◆ **THE DATA**:
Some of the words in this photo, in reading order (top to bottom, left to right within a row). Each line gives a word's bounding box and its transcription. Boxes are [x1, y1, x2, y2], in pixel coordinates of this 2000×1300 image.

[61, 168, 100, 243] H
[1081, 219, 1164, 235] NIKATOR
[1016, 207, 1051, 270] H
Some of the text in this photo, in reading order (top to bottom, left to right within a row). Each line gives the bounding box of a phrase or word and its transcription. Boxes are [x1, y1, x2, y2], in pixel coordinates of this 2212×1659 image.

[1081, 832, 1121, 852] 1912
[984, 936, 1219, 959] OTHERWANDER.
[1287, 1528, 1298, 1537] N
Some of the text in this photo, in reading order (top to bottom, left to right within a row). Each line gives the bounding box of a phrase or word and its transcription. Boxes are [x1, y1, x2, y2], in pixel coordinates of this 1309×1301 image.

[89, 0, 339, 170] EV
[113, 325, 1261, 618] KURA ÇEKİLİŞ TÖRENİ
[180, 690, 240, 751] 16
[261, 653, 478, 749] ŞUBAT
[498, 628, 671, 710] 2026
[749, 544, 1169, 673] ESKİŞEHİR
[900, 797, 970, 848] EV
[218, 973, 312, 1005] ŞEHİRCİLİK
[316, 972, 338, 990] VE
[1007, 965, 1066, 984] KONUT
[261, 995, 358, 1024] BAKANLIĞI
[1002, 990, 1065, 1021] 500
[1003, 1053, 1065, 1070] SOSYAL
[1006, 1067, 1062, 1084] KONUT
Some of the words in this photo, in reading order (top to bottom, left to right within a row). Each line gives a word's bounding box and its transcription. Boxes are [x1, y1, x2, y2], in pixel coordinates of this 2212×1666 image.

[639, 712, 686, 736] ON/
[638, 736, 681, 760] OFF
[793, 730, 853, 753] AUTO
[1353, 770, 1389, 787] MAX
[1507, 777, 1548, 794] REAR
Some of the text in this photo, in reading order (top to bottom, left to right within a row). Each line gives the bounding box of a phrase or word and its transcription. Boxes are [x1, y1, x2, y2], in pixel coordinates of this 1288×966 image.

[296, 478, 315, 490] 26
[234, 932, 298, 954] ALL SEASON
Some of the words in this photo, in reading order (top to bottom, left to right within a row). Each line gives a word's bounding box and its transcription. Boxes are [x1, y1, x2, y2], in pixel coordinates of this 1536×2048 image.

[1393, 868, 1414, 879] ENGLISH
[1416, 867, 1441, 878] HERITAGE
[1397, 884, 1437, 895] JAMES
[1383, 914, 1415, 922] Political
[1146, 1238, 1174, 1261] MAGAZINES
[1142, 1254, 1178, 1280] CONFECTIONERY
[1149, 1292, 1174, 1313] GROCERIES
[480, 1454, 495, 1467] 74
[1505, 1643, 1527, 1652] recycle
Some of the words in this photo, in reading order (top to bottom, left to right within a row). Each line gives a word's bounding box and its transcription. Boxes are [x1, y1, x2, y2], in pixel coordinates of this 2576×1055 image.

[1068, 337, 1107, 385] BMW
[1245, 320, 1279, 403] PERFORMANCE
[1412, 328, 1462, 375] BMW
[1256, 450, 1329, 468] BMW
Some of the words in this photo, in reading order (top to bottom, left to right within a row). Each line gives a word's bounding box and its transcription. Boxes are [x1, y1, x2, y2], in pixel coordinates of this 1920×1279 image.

◆ **YOUR OBJECTIVE**: Exact reproduction of the listing above is required.

◆ **EXERCISE ANSWER**:
Some of the words in this photo, in reading order (top to bottom, left to right within a row). Each line gives a word's bounding box and its transcription. Boxes are [x1, y1, x2, y2], in pixel coordinates of this 2000×1300 image.

[61, 168, 100, 243] H
[1081, 219, 1164, 235] NIKATOR
[1016, 207, 1051, 270] H
Some of the text in this photo, in reading order (top to bottom, left to right within a row). Each line gives the bounding box of a phrase or word and its transcription. Boxes are [x1, y1, x2, y2], in pixel coordinates of this 2212×1659 image.

[1081, 832, 1121, 852] 1912
[984, 936, 1219, 959] OTHERWANDER.
[1287, 1528, 1298, 1537] N
Some of the text in this photo, in reading order (top to bottom, left to right within a row). Each line gives the bounding box of a phrase or word and its transcription. Boxes are [x1, y1, x2, y2], in pixel coordinates of this 1309×1301 image.

[89, 0, 339, 170] EV
[113, 325, 1261, 618] KURA ÇEKİLİŞ TÖRENİ
[180, 690, 240, 751] 16
[261, 653, 478, 749] ŞUBAT
[498, 628, 671, 710] 2026
[749, 544, 1169, 673] ESKİŞEHİR
[900, 797, 970, 848] EV
[218, 973, 312, 1005] ŞEHİRCİLİK
[316, 972, 338, 990] VE
[1007, 965, 1066, 984] KONUT
[261, 995, 358, 1024] BAKANLIĞI
[1002, 990, 1065, 1021] 500
[1003, 1053, 1065, 1070] SOSYAL
[1006, 1067, 1062, 1084] KONUT
Some of the words in this photo, in reading order (top to bottom, left to right within a row). Each line gives a word's bounding box and its transcription. Boxes are [x1, y1, x2, y2], in pixel coordinates of this 2212×1666 image.

[639, 712, 686, 736] ON/
[638, 736, 681, 760] OFF
[793, 730, 853, 753] AUTO
[1353, 770, 1389, 787] MAX
[1507, 777, 1548, 794] REAR
Some of the text in this photo, in reading order (top to bottom, left to right within a row). Each line gives the bounding box of a phrase or word and its transcription. Boxes are [x1, y1, x2, y2], in pixel coordinates of this 1288×966 image.

[296, 478, 315, 490] 26
[234, 932, 298, 954] ALL SEASON
Some of the words in this photo, in reading order (top to bottom, left to right within a row). Each line gives a word's bounding box and its transcription. Boxes are [x1, y1, x2, y2], in pixel coordinates of this 1536×2048 image.

[1393, 868, 1414, 879] ENGLISH
[1416, 867, 1441, 878] HERITAGE
[1397, 884, 1437, 895] JAMES
[1383, 914, 1415, 922] Political
[1146, 1238, 1174, 1261] MAGAZINES
[1142, 1254, 1178, 1280] CONFECTIONERY
[1149, 1292, 1174, 1313] GROCERIES
[480, 1454, 495, 1467] 74
[1505, 1643, 1527, 1652] recycle
Some of the words in this photo, in reading order (top to bottom, left to right within a row). Each line gives a word's bounding box and its transcription. Boxes are [x1, y1, x2, y2], in pixel coordinates of this 2576×1055 image.

[1068, 337, 1107, 385] BMW
[1245, 320, 1279, 403] PERFORMANCE
[1412, 328, 1462, 375] BMW
[1256, 450, 1329, 468] BMW
Some of the words in this photo, in reading order (top to bottom, left to right within a row). Each line gives a word's bounding box and its transcription. Boxes are [x1, y1, x2, y2], in pixel coordinates of this 1920×1279 image.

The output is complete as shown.